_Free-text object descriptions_
────────
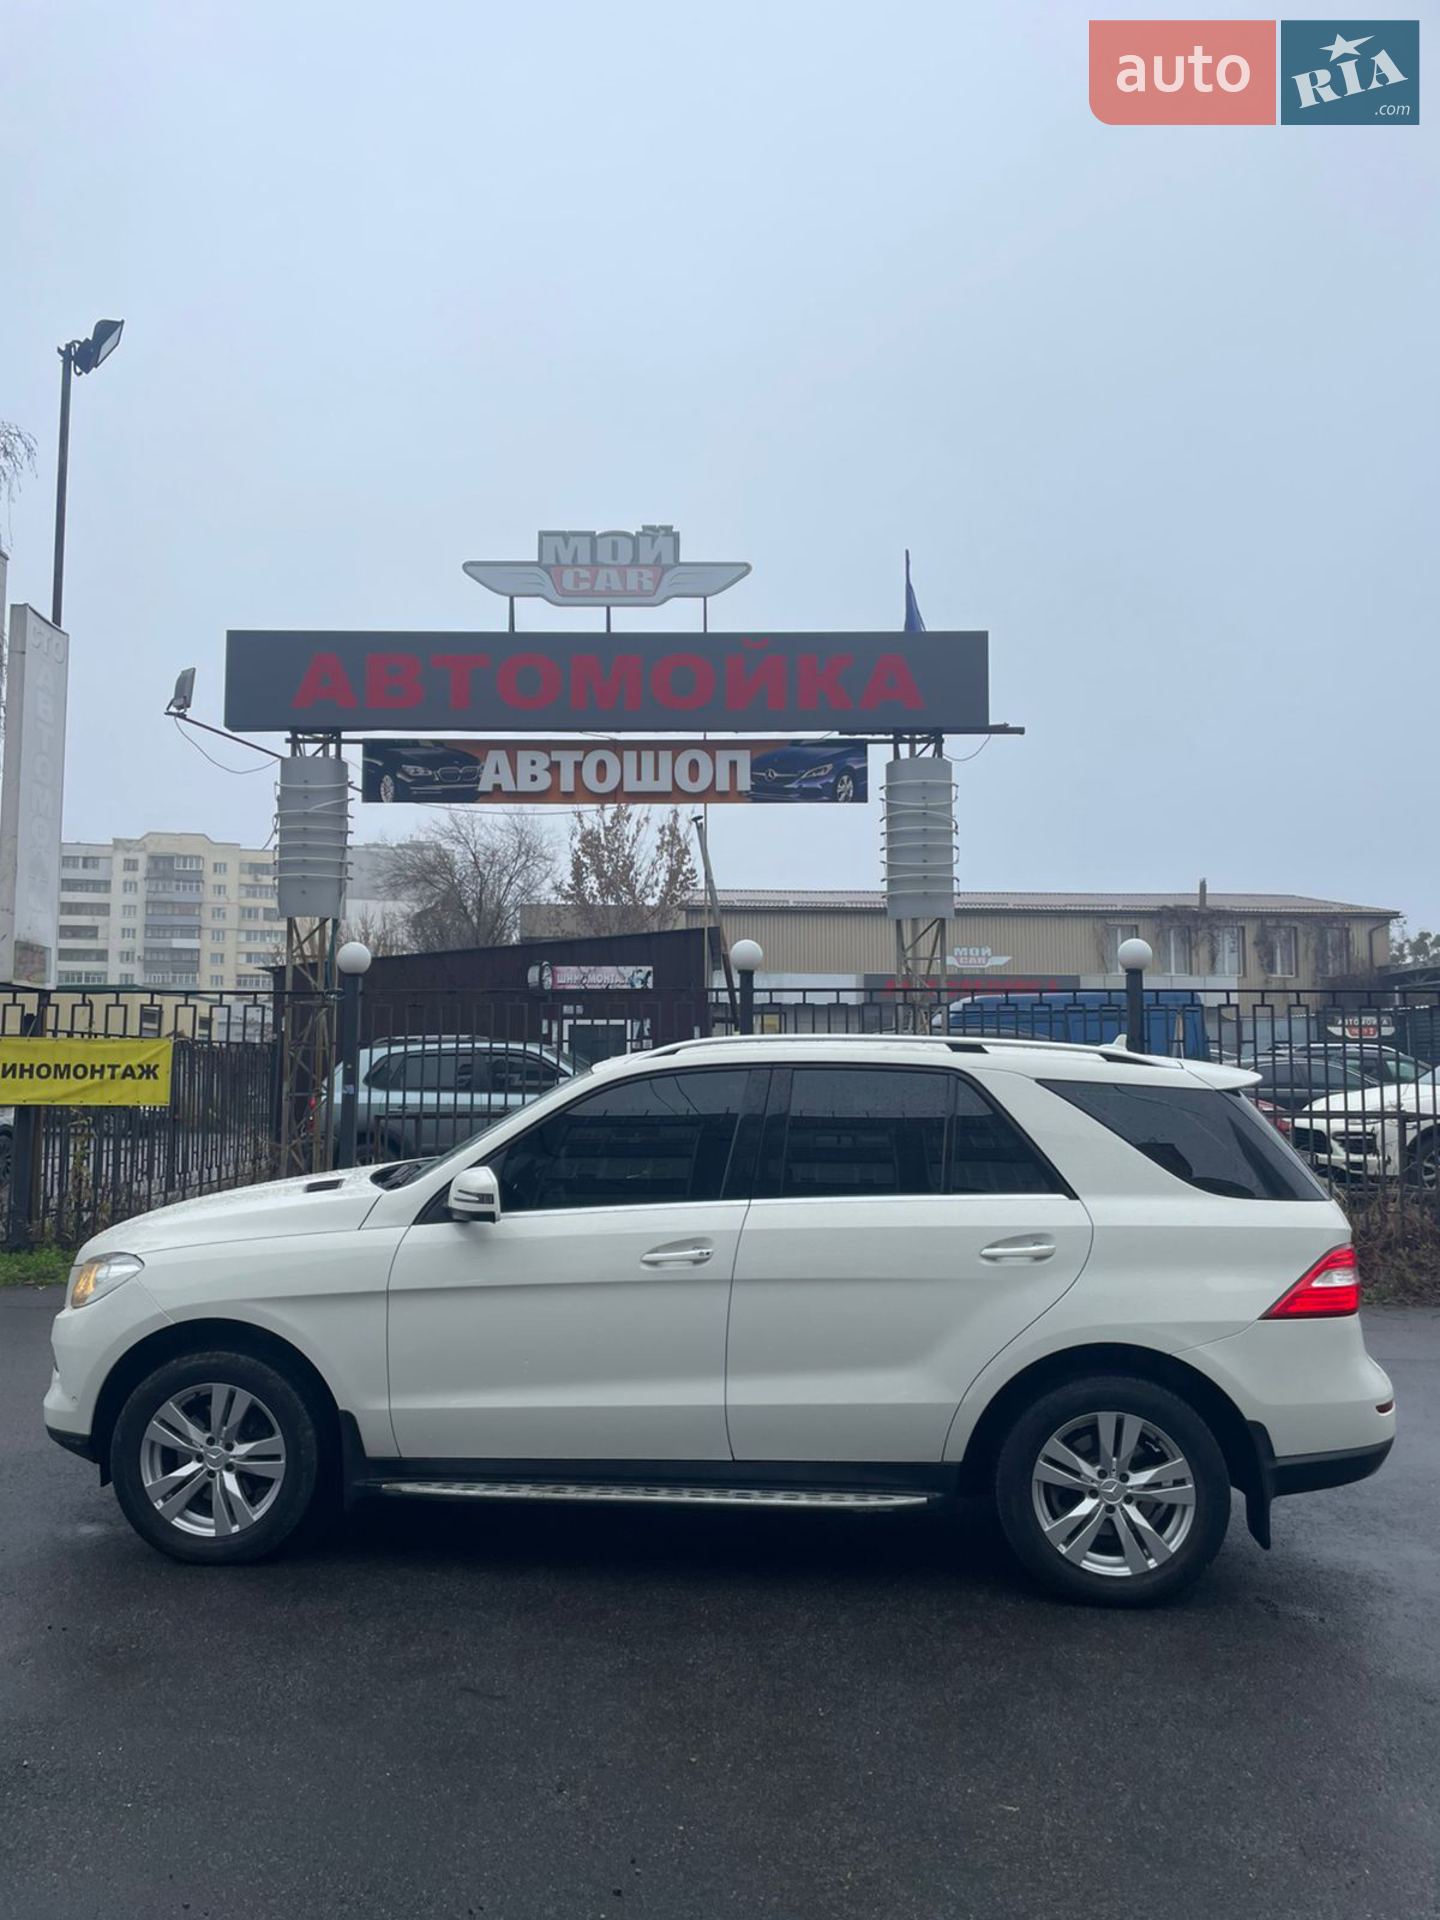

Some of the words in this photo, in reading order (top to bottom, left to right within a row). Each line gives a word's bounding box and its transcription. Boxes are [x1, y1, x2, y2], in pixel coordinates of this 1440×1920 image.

[541, 525, 679, 566] МОЙ
[561, 567, 658, 593] CAR
[291, 638, 926, 711] АВТОМОЙКА
[477, 749, 752, 794] АВТОШОП
────────
_Exercise requirements_
Return an exact copy of the data above, apart from any pictures.

_Written reply_
Some of the words in this photo, in reading order (top to bottom, left to right within a row). Each line gives a word's bounding box and its transcription. Boxes are [x1, y1, x2, y2], in pixel coordinates of this 1440×1920 image.

[541, 525, 679, 566] МОЙ
[561, 567, 658, 593] CAR
[291, 638, 926, 711] АВТОМОЙКА
[477, 749, 752, 794] АВТОШОП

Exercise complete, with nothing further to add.